The Jazz Ensemble traveled to Cuba in 2012, 2014, and in January 2016.
"We didn't do as many festivals because of the Cuba trips, but those tours help us to understand jazz music's African roots," says Cline. "Frankly, there're so many white people in jazz music -- some play in ways that honor the African tradition -- but others just don't get it. They don't sound authentic: you can't hear the blues in it. That's a tremendous loss. I don't want that to happen to us. I want us to honor African culture, whether the students are African American or not. That's why we play compositions and arrangements by African American composers. I think it makes us different than other bands."
Cline delivers quite a speech, but it's backed up by the kids, who regularly rake up recognition, including ensemble and solo awards at the Next Generation Jazz Festival in Monterey, New York City's Mingus Jazz Festival and other competitions.
Parents of students in the program are equally inclined to sing the program's praises. Comments about the fundraising concert from the Parent Association oversight committee shared by parent volunteer Jeni Romero are bold: "The music will be superlative," says one; "This is a chance to see the great musicians of the future," another parent pronounces.

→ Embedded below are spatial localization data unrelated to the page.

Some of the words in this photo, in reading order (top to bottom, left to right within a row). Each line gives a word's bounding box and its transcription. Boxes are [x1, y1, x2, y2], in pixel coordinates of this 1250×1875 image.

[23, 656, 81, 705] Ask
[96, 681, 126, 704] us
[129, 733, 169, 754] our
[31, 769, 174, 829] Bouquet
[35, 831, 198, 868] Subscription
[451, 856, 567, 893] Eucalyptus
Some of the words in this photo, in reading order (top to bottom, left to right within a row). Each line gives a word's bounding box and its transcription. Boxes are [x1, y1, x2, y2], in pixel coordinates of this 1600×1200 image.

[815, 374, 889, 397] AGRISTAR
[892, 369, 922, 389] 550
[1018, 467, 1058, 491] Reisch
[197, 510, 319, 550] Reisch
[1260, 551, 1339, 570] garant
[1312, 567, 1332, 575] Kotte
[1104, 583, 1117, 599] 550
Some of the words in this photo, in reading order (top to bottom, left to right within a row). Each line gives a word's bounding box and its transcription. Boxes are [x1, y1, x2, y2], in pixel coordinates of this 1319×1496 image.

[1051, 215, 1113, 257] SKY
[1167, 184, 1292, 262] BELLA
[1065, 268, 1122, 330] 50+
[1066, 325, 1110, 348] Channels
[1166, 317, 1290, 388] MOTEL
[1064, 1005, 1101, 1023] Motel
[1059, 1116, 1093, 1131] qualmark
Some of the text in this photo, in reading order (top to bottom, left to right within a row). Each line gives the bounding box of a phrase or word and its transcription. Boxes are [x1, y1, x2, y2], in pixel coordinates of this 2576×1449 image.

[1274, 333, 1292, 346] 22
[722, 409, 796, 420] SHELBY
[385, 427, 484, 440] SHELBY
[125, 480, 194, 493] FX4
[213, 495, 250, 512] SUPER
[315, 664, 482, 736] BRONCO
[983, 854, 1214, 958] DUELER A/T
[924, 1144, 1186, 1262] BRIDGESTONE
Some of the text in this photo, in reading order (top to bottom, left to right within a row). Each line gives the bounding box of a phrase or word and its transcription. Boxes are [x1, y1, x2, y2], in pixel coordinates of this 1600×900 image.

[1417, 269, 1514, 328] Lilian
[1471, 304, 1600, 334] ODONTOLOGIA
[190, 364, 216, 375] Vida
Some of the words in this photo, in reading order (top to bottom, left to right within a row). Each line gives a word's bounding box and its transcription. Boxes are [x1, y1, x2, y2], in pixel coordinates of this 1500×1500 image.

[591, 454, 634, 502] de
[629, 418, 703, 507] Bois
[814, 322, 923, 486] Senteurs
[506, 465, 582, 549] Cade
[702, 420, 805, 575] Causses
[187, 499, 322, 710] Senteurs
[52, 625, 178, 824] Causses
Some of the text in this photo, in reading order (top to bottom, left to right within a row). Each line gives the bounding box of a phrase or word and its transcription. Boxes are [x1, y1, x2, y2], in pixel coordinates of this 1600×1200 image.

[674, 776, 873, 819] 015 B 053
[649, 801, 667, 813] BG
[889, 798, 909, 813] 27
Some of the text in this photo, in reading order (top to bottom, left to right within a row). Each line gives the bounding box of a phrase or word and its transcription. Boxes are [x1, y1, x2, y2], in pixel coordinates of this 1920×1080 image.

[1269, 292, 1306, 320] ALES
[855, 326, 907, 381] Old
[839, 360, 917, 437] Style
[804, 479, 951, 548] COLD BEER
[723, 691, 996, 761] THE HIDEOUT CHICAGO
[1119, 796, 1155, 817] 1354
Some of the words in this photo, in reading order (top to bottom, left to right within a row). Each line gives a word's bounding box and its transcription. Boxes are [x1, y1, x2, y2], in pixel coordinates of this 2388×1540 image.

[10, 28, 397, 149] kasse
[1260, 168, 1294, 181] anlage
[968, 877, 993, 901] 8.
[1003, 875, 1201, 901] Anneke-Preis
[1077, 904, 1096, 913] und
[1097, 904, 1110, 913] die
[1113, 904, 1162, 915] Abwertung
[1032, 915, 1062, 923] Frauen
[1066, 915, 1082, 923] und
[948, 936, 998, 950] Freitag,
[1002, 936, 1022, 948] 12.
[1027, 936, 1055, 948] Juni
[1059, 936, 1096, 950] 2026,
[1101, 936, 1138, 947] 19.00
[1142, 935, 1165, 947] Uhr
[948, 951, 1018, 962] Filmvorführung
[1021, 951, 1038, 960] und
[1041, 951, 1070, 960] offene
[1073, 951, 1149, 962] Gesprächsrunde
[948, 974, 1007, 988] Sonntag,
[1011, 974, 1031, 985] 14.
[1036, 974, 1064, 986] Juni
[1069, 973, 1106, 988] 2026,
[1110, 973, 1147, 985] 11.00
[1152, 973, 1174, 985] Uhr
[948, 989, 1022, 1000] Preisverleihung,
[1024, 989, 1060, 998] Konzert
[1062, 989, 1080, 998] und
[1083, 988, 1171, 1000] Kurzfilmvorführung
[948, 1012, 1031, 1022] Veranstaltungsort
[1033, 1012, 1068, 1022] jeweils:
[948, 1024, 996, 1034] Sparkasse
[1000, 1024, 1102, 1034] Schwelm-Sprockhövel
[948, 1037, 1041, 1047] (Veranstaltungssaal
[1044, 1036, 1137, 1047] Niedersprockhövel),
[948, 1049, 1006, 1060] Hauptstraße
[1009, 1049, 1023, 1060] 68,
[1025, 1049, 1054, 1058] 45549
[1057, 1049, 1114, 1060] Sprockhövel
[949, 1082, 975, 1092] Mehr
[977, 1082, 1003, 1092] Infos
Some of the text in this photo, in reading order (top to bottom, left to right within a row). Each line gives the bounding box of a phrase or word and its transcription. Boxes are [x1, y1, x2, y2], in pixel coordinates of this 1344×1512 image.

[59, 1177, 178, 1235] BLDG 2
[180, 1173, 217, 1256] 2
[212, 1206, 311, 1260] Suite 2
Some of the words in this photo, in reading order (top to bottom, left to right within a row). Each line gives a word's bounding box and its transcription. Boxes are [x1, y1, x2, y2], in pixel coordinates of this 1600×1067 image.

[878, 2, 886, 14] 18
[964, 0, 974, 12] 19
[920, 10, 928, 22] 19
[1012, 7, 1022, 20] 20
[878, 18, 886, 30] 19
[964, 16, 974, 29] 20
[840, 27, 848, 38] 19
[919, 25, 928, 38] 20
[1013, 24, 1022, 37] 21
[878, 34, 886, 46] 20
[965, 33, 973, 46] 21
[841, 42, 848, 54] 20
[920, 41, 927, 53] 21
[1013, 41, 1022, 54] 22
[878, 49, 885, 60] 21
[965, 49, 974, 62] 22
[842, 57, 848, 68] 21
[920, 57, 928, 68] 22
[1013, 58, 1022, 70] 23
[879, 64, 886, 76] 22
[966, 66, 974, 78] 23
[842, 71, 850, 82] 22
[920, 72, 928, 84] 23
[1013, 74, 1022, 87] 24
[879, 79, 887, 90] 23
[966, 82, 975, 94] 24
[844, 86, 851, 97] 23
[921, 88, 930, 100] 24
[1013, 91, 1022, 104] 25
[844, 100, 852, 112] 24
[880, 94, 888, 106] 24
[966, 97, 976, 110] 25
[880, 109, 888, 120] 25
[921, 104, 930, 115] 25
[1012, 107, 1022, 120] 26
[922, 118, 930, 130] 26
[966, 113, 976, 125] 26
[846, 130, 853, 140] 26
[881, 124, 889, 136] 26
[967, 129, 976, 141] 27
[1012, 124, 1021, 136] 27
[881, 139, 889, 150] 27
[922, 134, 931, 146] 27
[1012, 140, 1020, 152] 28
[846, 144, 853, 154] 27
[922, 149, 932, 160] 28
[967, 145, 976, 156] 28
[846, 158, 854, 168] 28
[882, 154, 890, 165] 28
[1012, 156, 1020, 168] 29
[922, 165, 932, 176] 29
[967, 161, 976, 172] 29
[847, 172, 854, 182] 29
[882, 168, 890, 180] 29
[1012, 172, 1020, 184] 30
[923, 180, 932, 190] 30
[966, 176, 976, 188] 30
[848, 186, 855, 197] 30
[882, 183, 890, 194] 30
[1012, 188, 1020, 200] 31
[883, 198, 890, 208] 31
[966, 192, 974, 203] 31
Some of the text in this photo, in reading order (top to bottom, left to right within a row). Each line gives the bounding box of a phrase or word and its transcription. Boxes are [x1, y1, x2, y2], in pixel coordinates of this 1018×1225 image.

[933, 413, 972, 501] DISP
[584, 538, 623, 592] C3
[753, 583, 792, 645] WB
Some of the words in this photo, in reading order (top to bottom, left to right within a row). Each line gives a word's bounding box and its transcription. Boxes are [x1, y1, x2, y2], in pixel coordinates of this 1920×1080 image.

"For me, it's about community development," says Romero. "I'm excited about the idea of people from so many different walks of life joining for an evening in celebration of the arts. Keeping the arts in public education is crucial to maintaining a thriving community.
"This demonstrates our commitment."
Cline says the Berkeley Unified School District's dedication to offering music in public schools is noteworthy. "We have universal music in fourth and fifth grade. In middle schools, we have great teachers and they're attracting kids, even though it's a before-school program," she says. "Parents really understand that studying music helps with brain development that's helpful to everything in life, to students' whole selves."
The jazz program has swelled to its largest size ever: over 100 students have resulted in adding a fourth class this year. "
And there are 120 kids auditioning for our top three bands next week," says Cline.
Meanwhile, the 24 students in the Jazz Ensemble are rehearsing the Latin rhythms in composer Bobby Rodriguez's "My Haunting Melody," a bolero, and the cha-cha-cha of "Celebration," among other works they'll perform at the concert.
"Haunting Melody" includes a trumpet solo that features up-and-coming sophomore Isaiah Hammer. "Isaiah plays unexpected things when he's improvising. He goes outside of the chord changes and then returns. It creates tensions. I think he hears things that others of us don't hear," says Cline.
Another tune, "Slidin' Home" by Joe Gallardo, shows off trombone players Remee Ashley and Jasim Perales. Cline says they're "dynamite" and able to play with "blazing speed" and heartfelt virtuosity. It's high praise coming from Cline, whose professional credentials and connections snared the 20-member Pacific Mambo Orchestra that shares the double bill concert.
"I used to gig with the two leaders, Steffen Kuehn and Christian Tumalan," says Cline. "It's a good combination because we can dance, like they can, and we really swing those Latin rhythms."